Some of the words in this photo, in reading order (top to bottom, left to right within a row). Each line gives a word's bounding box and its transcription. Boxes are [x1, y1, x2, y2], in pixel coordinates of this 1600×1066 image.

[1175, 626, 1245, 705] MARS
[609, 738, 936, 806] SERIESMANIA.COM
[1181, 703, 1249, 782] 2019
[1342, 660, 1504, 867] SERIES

==========

Transcribe the material exactly as it reads.

Some of the words in this photo, in reading order (top to bottom, left to right within a row). Each line gives a word's bounding box and its transcription. Boxes are [x1, y1, x2, y2], in pixel coordinates of this 1600×1066 image.

[1175, 626, 1245, 705] MARS
[609, 738, 936, 806] SERIESMANIA.COM
[1181, 703, 1249, 782] 2019
[1342, 660, 1504, 867] SERIES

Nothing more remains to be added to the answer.